Vor ein paar Jahrzehnten gab es noch eine deutlich höhere Intoleranz. Inzwischen gibt es weniger Behinderte, und auch die Intoleranz ist weniger geworden.
@Auralibby: Ich habe doch überhaupt nichts von Zwangsmaßnahmen erwähnt oder? Das waren alles Vorschläge, mit denen man sich in solch einer Situation persönlich auseinandersetzen sollte, was übrigens viele Menschen auch tun, wenn sie aus welchen Gründen auch immer keine eigene Kinder haben (wollen oder können). Man kann seine Motivation ja auch mal hinterfragen oder?
ich wills mal vorsichtig formulieren: der heutige akademische feminismus versucht ja, alles mögliche als gesellschaftliche konstruktion zu entlarven. beim kinderwunsch ist dieses besteben noch nicht angekommen, so viel ich weiß. aber nachfragen könnte man mal.
@ H.D.: Gut, das mit den Zwangsmaßnahmen habe ich jetzt nur eingeworfen, weil mich diese Bewertung fremder Lebensgestaltungswünsche aufregt, ich geb’s zu. :)
Du hast derartiges natürlich nicht eingefordert, ich finde Deine Alternativ-Vorschläge sogar gut und bedenkenswert, gar nicht „zu hippie“… Auch finde ich, dass Menschen öfter mal ihre Motivation, dies oder jenes zu wollen, hinterfragen sollen – aber bitte NUR die eigene! Keine Bewertungen fremder Entscheidungen, bitte, solange sie niemandem schaden. Finde ich.
@ klingonische Oper: Ich oute mich als Dummerle, aber mit Deinem letzten Post willst Du ausdrücken, dass sogar der Kinderwunsch möglicherweise als „nur von der Gesellschaft eingeredet“ bzw. “ anerzogen“ definiert werden soll?!?
„definiert“ nicht. etwas einfach zu „definieren“ bringt gar nichts. man muss es natürlich seriös erfoschen. denn immerhin gibts ja heute sehr viele frauen ohne kinderwunsch. wäre dieser also völlig zwangsläufig determiniert, wäre dann mit diesen frauen etwas nicht in ordnung? (rhetorische frage!)
auf lange sicht wird der mensch mit der heutigen weltweiten reproduktionsrate nicht überleben. also wäre das eine sinnvolle diskussion, die man nicht aus sentimentalität oder politscher korrektheit umgehen sollte.

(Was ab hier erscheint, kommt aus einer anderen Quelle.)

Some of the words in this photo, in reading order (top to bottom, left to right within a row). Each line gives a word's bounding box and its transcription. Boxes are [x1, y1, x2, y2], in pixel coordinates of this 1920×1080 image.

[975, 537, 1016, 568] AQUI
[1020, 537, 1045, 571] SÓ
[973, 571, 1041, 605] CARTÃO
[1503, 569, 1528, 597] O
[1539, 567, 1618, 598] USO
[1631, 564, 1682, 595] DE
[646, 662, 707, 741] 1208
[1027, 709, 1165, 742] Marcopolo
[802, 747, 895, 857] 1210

allerdings bin ich schon der ansicht, dass reproduktionsmedizin, wenn man sie denn betreibt, auch möglichst sinnvoll von statten gehen soll, ohne frauen als versuchskaninchen zu missbrauchen. also pro PID.

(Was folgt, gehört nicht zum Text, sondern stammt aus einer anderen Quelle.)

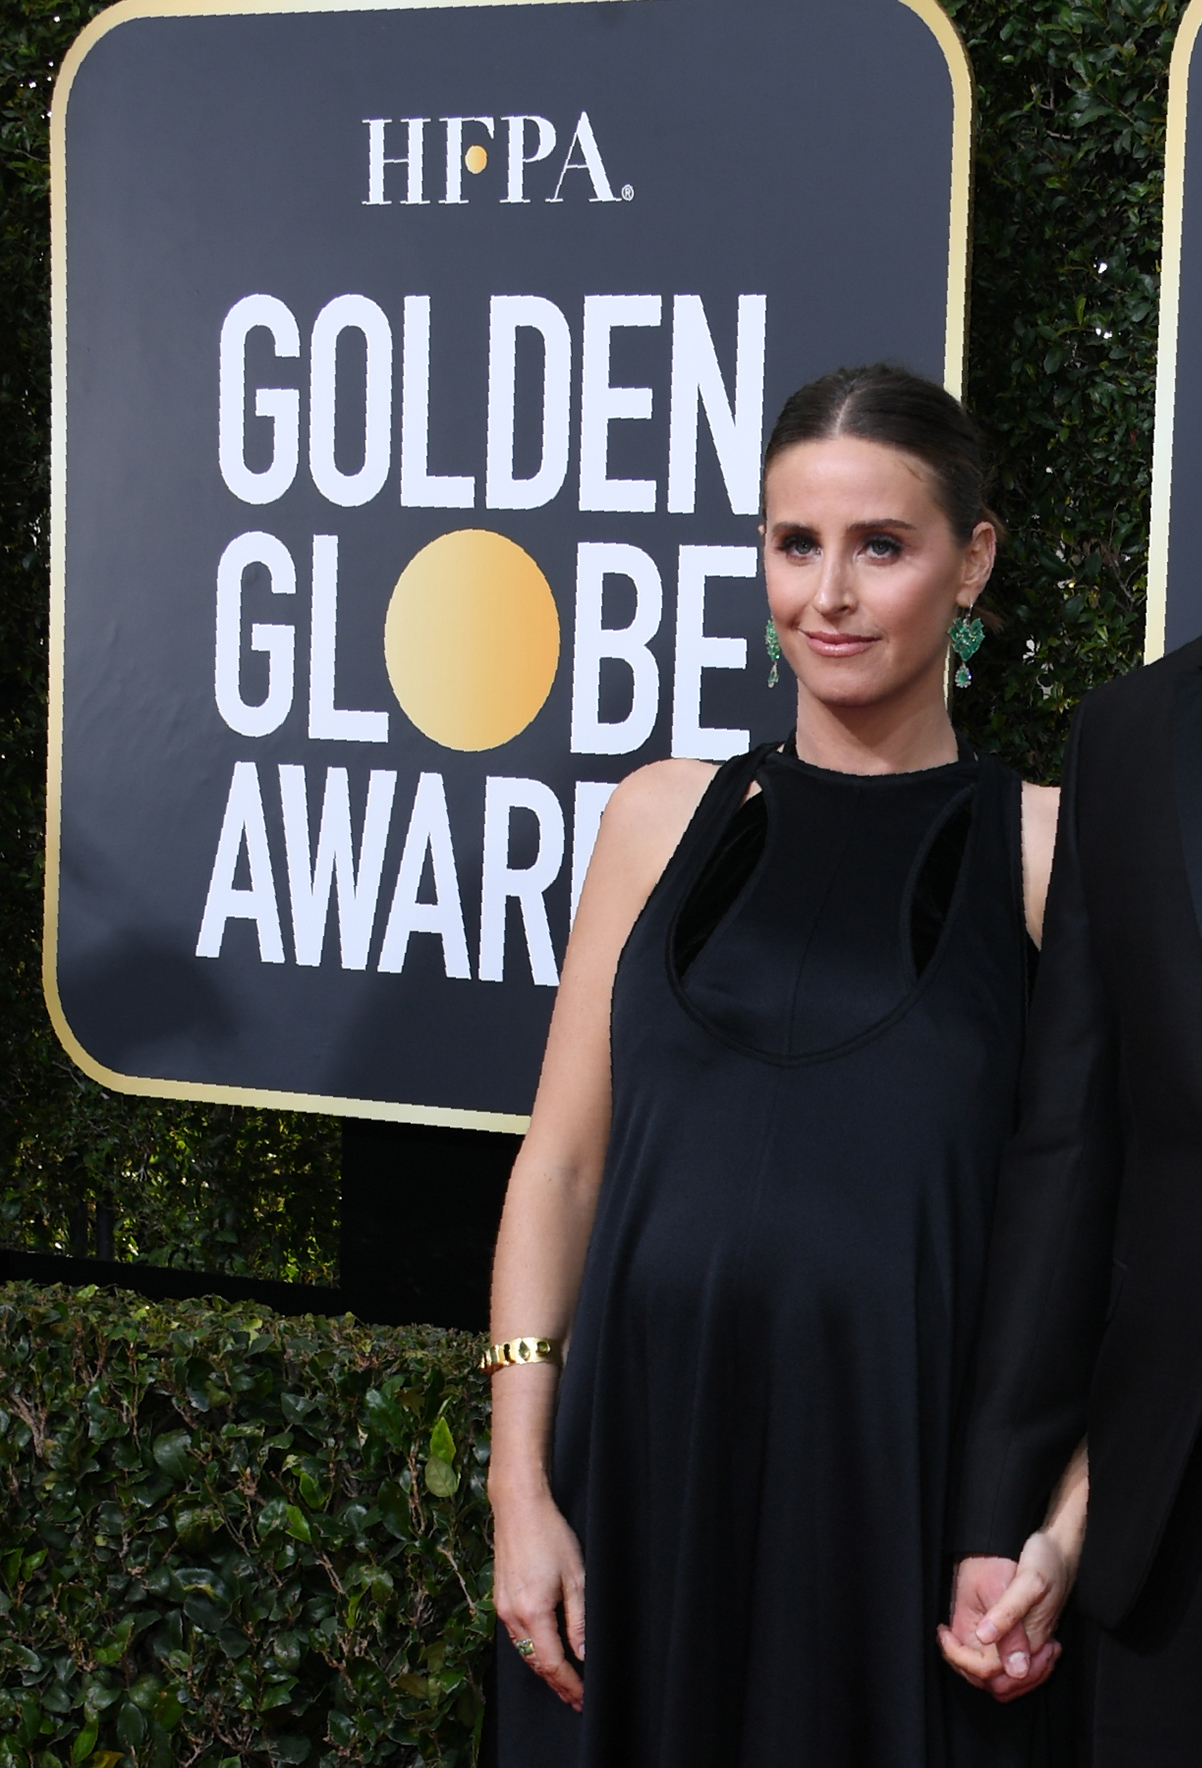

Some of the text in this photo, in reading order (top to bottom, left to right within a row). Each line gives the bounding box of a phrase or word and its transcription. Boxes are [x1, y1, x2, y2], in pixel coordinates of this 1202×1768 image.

Das ist etwas melodramatisch formuliert. Gerade mit einer hohen Reproduktionsrate wird die Menschheit sogar ziemlich sicher überleben. Es wird nur vielleicht ein bisschen ungemütlich.

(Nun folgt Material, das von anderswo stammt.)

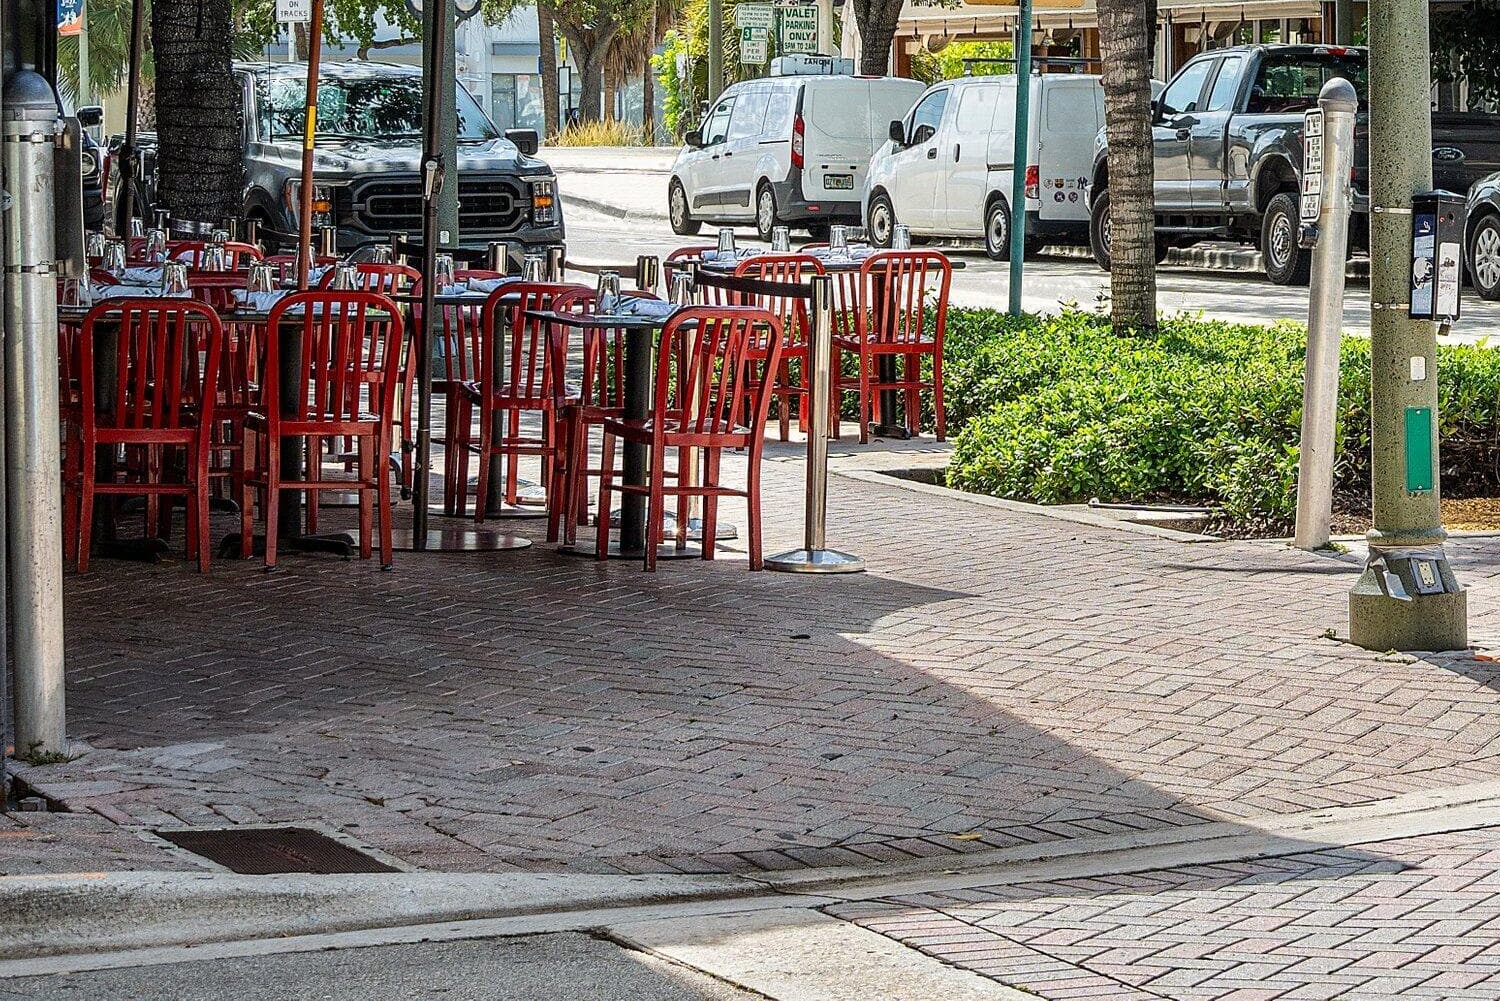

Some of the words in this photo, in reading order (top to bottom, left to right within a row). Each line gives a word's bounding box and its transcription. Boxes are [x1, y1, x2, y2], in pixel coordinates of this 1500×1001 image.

„Die UNO erwartet bei mittlerer Projektion bis 2025 8,0 Milliarden und bis 2050 9,2 Milliarden Menschen. Falls sich die Fertilitätsrate (Schätzwert für die Zahl der Geburten pro Frau) – wie in der Prognose angenommen – langfristig bei 1,85 einpendelt, ist bald danach von einem Bevölkerungsrückgang auszugehen. In der oberen Variante (Fertilitätsrate 2,35) würde die Weltbevölkerung weiter wachsen; in der unteren hingegen (Fertilitätsrate 1,35 – was ungefähr dem Wert der letzten 20 Jahre in Deutschland entspricht) bereits nach dem Jahr 2040 zu sinken beginnen.“
http://de.wikipedia.org/wiki/Weltbevölkerung
man kann nur hoffen, dass die fertilitätsrate tatsächlich wieder sinkt.